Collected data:
- - - - - - -

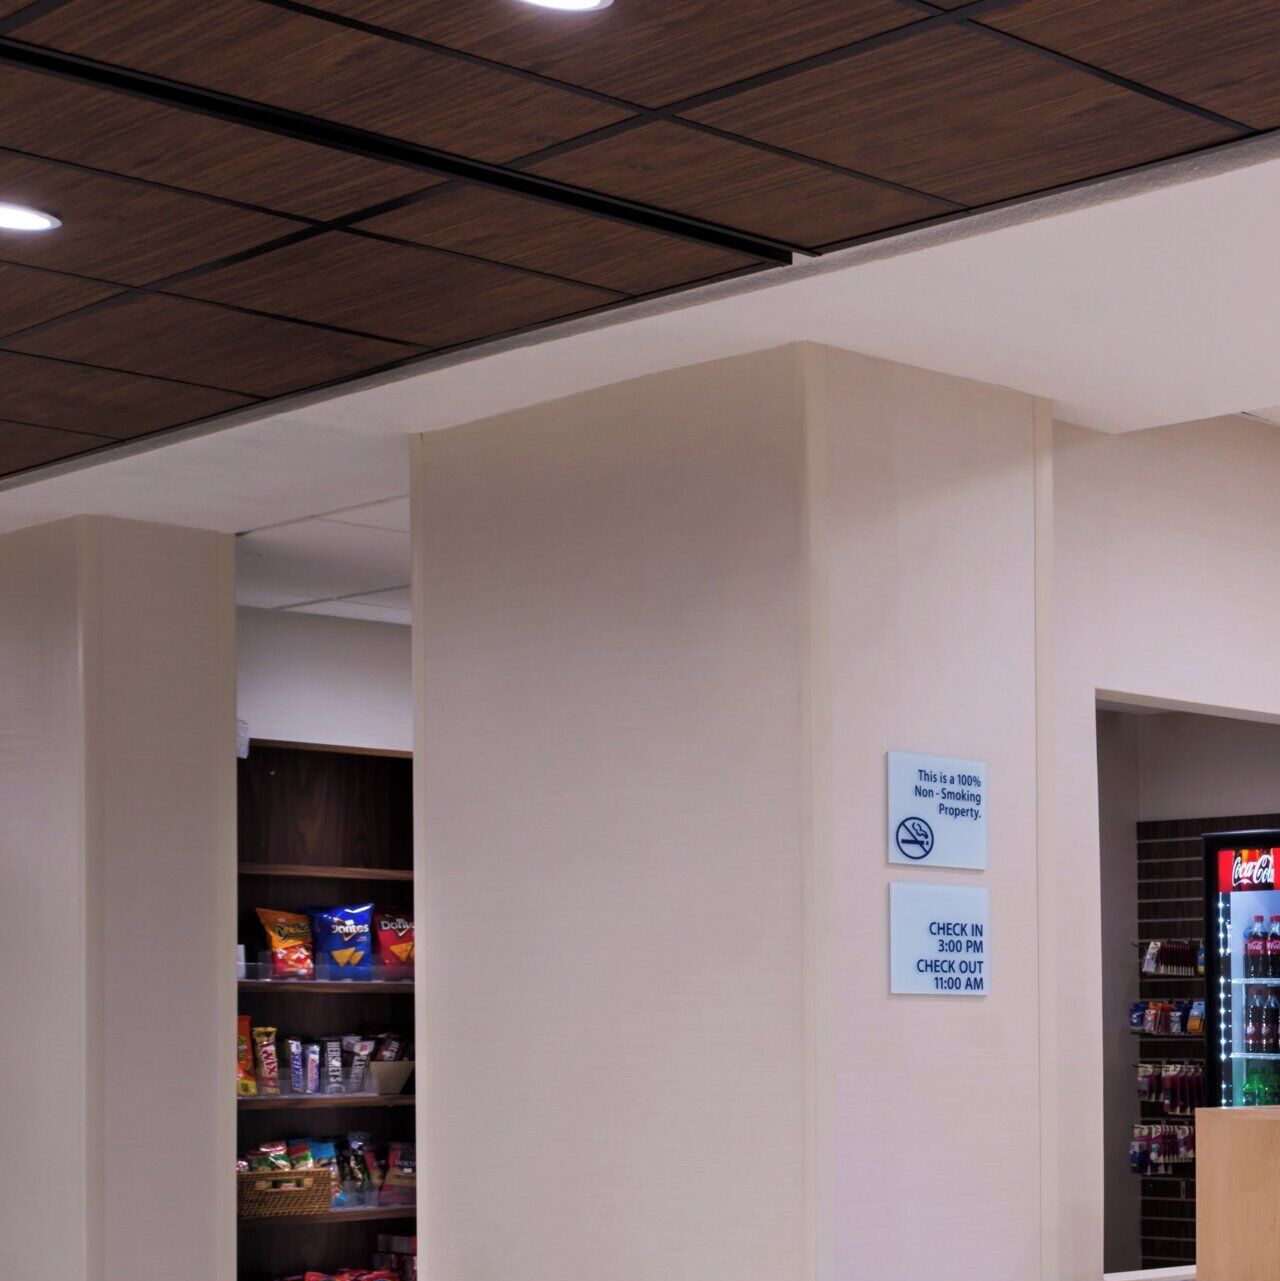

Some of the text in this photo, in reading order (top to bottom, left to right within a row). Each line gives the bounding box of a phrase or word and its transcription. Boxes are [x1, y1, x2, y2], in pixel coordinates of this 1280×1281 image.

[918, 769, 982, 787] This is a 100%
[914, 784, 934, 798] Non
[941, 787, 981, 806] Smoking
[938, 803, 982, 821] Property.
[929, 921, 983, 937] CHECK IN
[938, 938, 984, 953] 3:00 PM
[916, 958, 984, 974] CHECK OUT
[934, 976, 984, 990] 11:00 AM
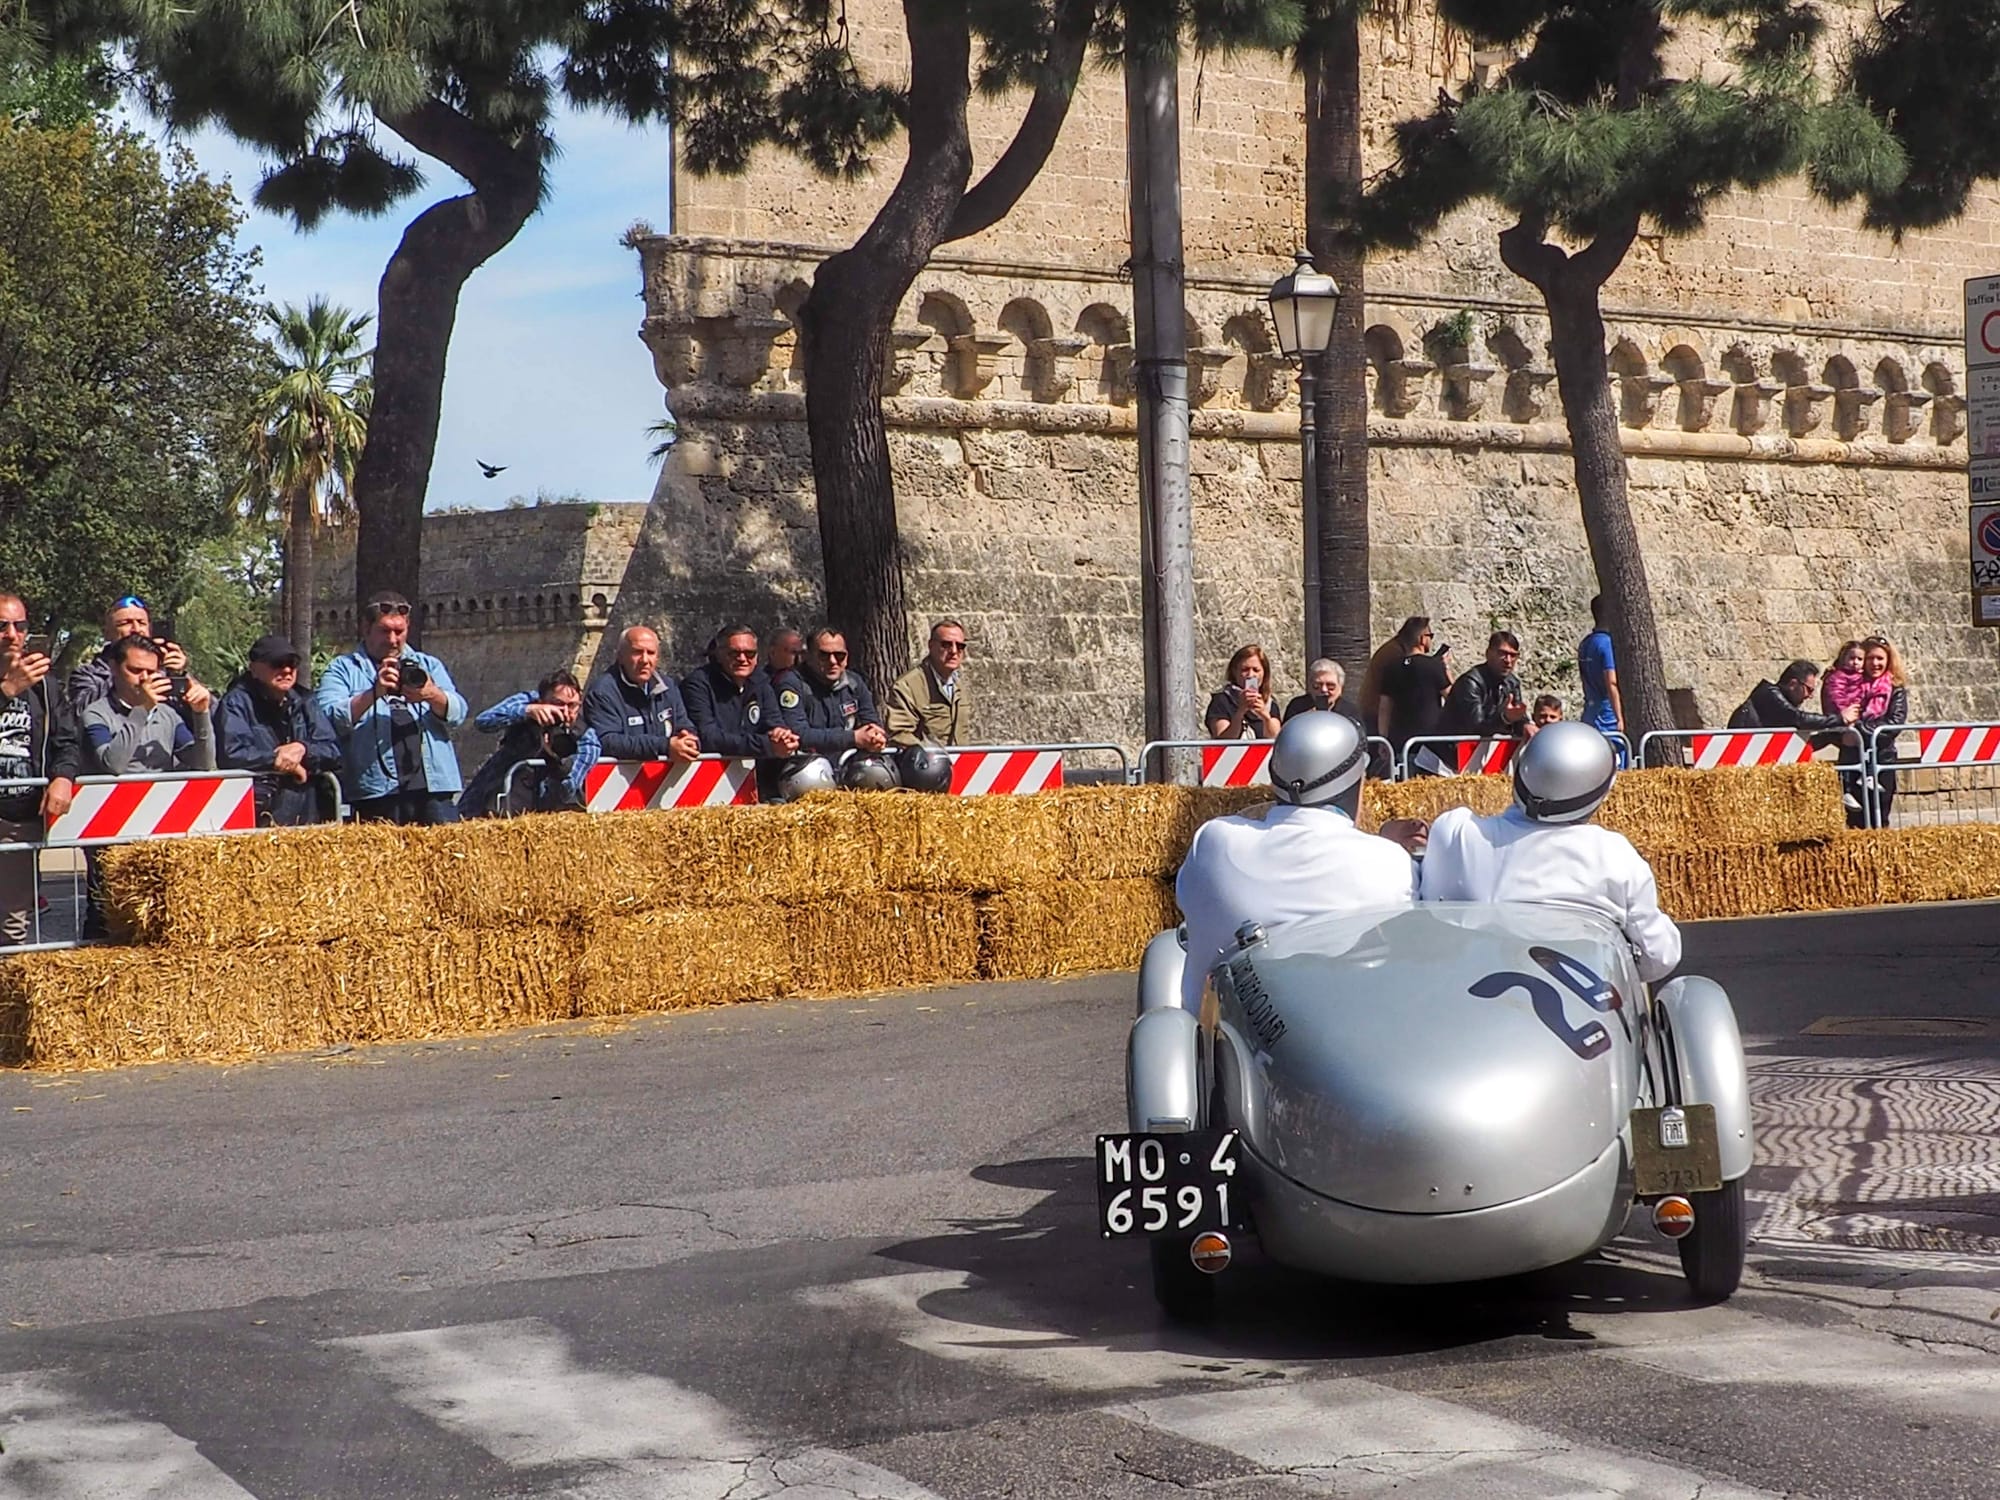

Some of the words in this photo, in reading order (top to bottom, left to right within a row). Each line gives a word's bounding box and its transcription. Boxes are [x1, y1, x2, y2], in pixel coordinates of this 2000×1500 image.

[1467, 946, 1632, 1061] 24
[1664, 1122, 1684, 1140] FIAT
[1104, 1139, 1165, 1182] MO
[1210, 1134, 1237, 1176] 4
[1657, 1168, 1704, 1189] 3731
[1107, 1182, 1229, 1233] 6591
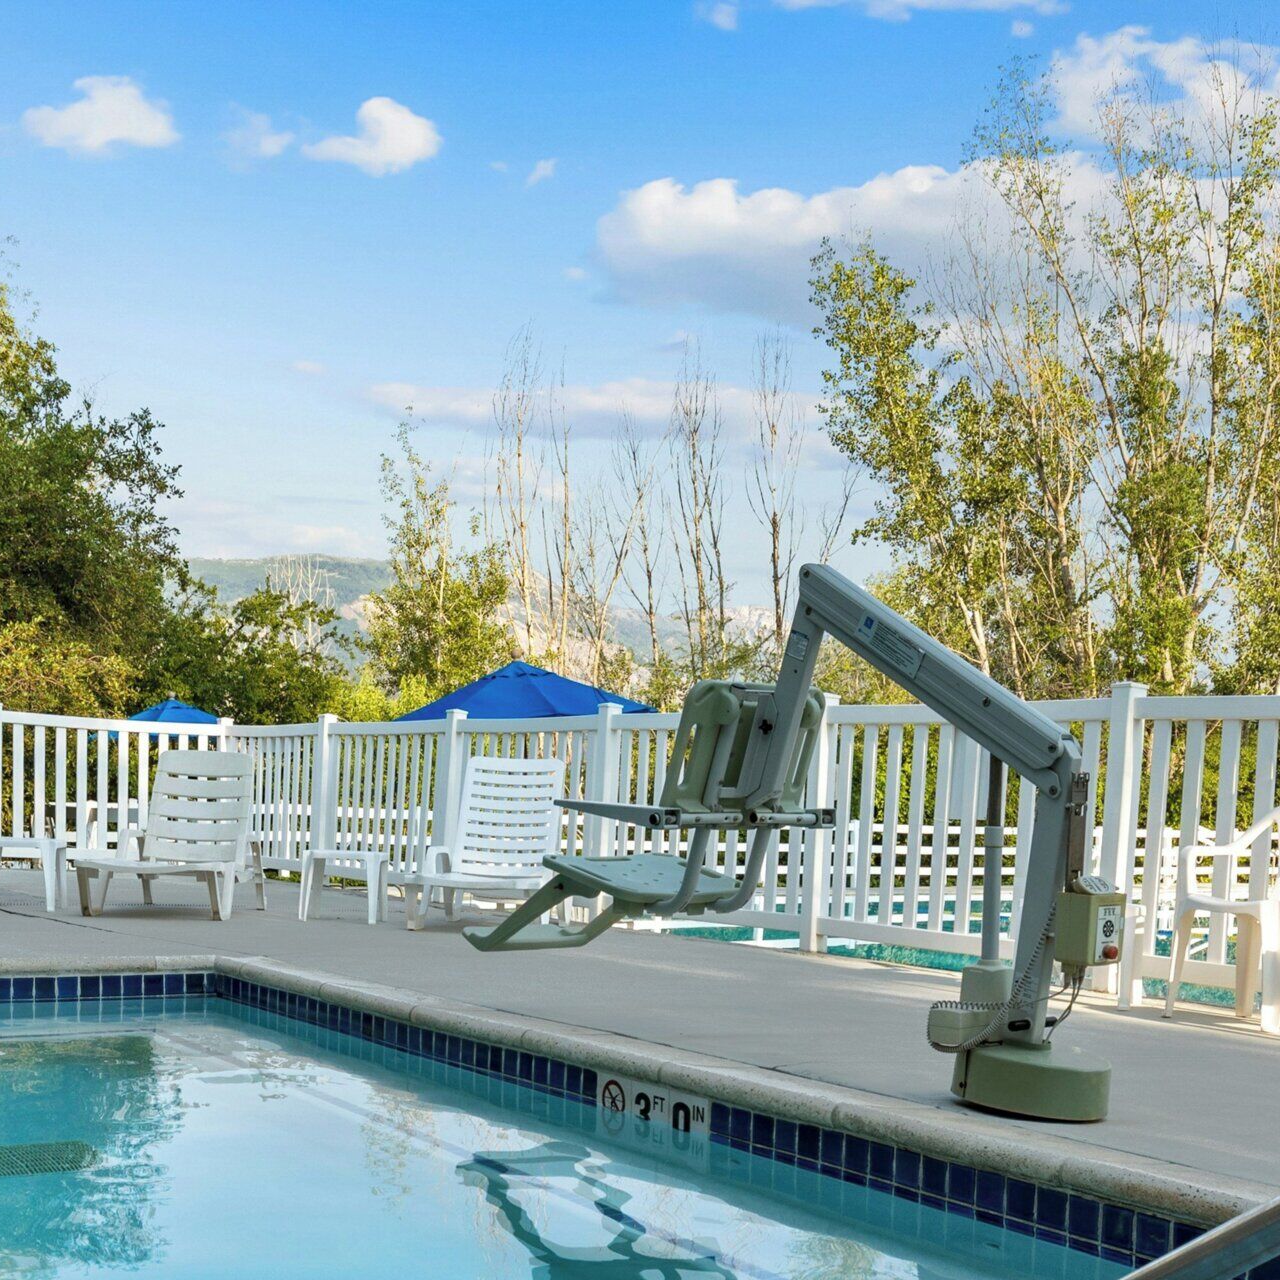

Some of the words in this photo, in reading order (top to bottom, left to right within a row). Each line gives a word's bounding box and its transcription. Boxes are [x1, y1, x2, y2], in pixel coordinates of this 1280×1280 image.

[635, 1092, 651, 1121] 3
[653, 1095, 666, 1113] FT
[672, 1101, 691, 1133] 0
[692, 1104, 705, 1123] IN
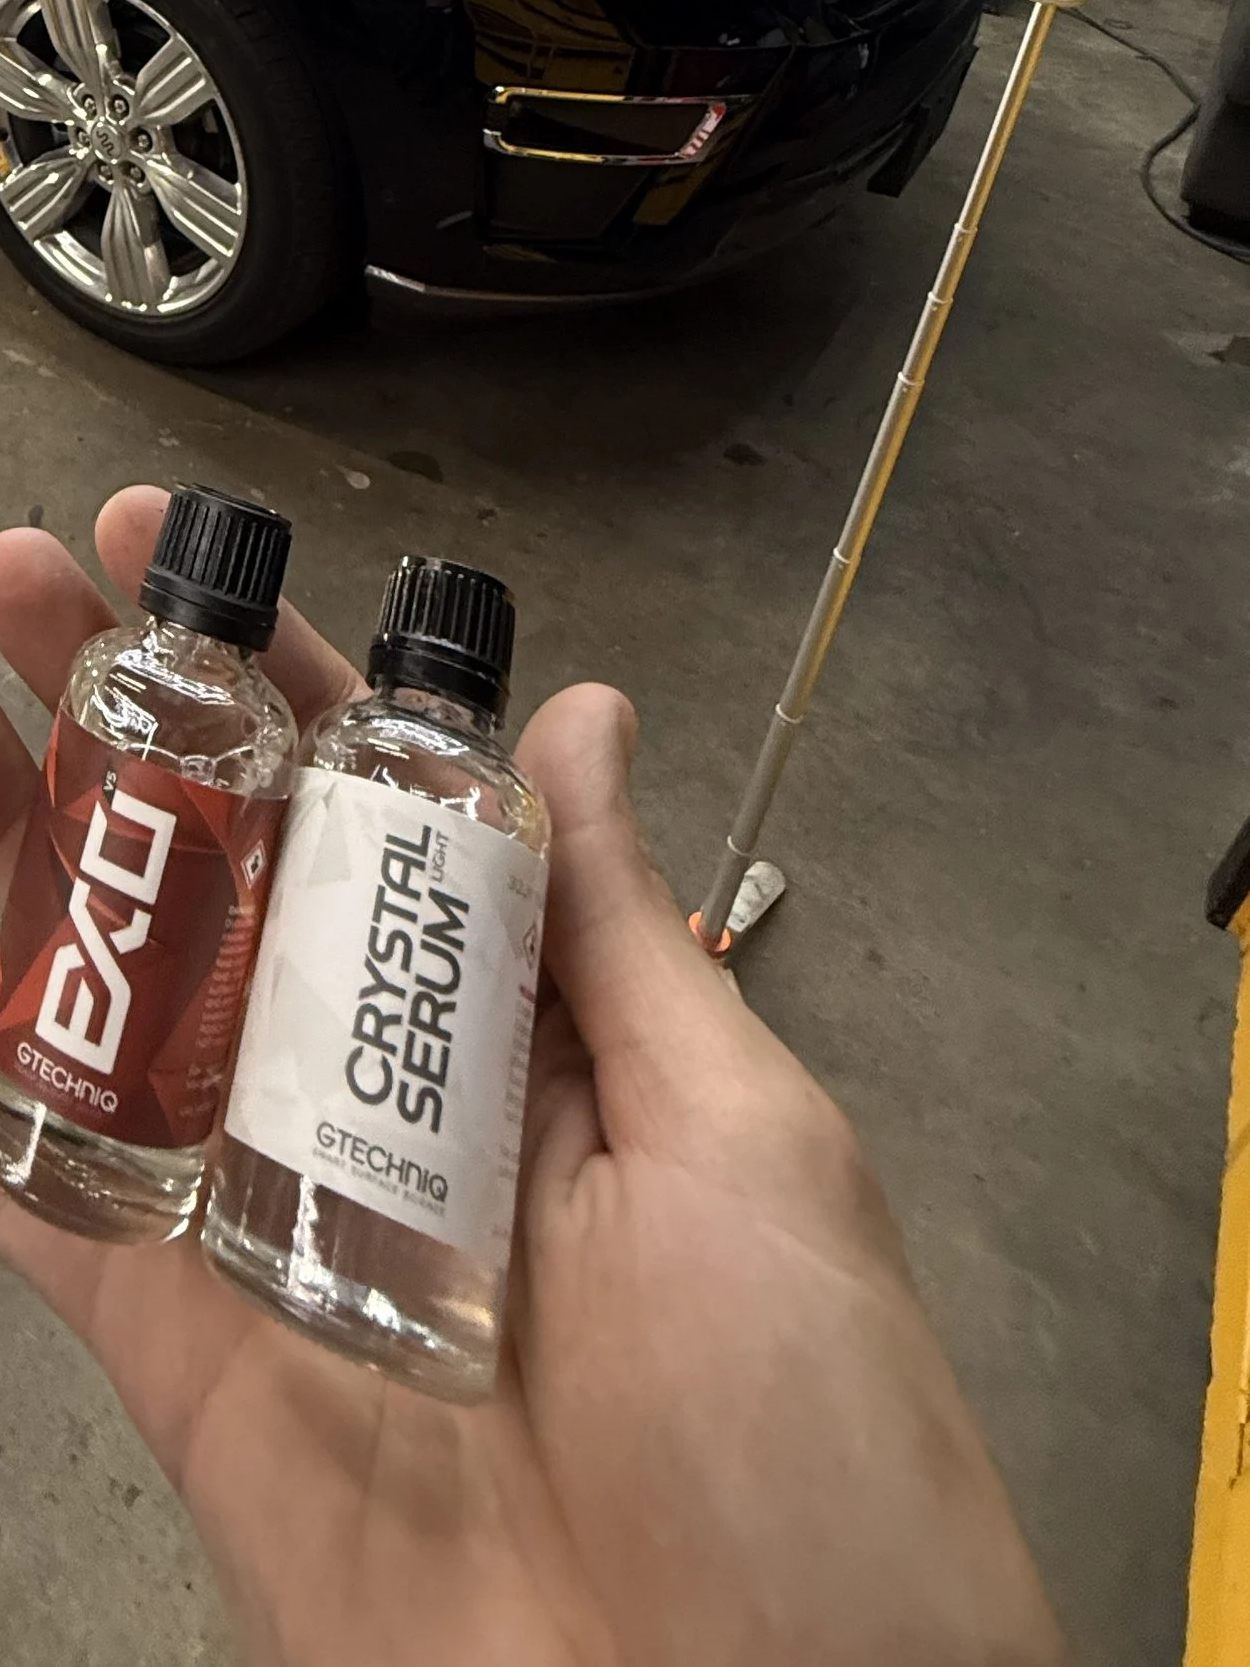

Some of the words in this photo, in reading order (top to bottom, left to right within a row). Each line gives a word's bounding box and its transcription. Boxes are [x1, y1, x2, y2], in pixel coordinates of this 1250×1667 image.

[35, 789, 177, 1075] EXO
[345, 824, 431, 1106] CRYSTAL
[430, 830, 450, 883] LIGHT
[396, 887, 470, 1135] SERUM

- - - - - - -

## Prompt
Every entry above, pictures excluded, needs to be duplicated exactly.

## Exercise output
Some of the text in this photo, in reading order (top to bottom, left to right within a row). Each line gives the bounding box of a phrase or word and its transcription. Boxes are [x1, y1, x2, y2], in pixel coordinates of this 1280×1281 image.

[918, 769, 982, 787] This is a 100%
[914, 784, 934, 798] Non
[941, 787, 981, 806] Smoking
[938, 803, 982, 821] Property.
[929, 921, 983, 937] CHECK IN
[938, 938, 984, 953] 3:00 PM
[916, 958, 984, 974] CHECK OUT
[934, 976, 984, 990] 11:00 AM

Some of the words in this photo, in reading order (top to bottom, left to right within a row). Each line gives a word's bounding box and its transcription. Boxes are [x1, y1, x2, y2], in pixel coordinates of this 2000×1500 image.

[1467, 946, 1632, 1061] 24
[1664, 1122, 1684, 1140] FIAT
[1104, 1139, 1165, 1182] MO
[1210, 1134, 1237, 1176] 4
[1657, 1168, 1704, 1189] 3731
[1107, 1182, 1229, 1233] 6591

Some of the words in this photo, in reading order (top to bottom, left to right within a row). Each line gives a word's bounding box and its transcription. Boxes are [x1, y1, x2, y2], in pixel coordinates of this 1280×1280 image.

[635, 1092, 651, 1121] 3
[653, 1095, 666, 1113] FT
[672, 1101, 691, 1133] 0
[692, 1104, 705, 1123] IN

Some of the words in this photo, in reading order (top to bottom, left to right within a row). Each line gives a word's bounding box and its transcription. Boxes are [x1, y1, x2, y2], in pixel coordinates of this 1250×1667 image.

[35, 789, 177, 1075] EXO
[345, 824, 431, 1106] CRYSTAL
[430, 830, 450, 883] LIGHT
[396, 887, 470, 1135] SERUM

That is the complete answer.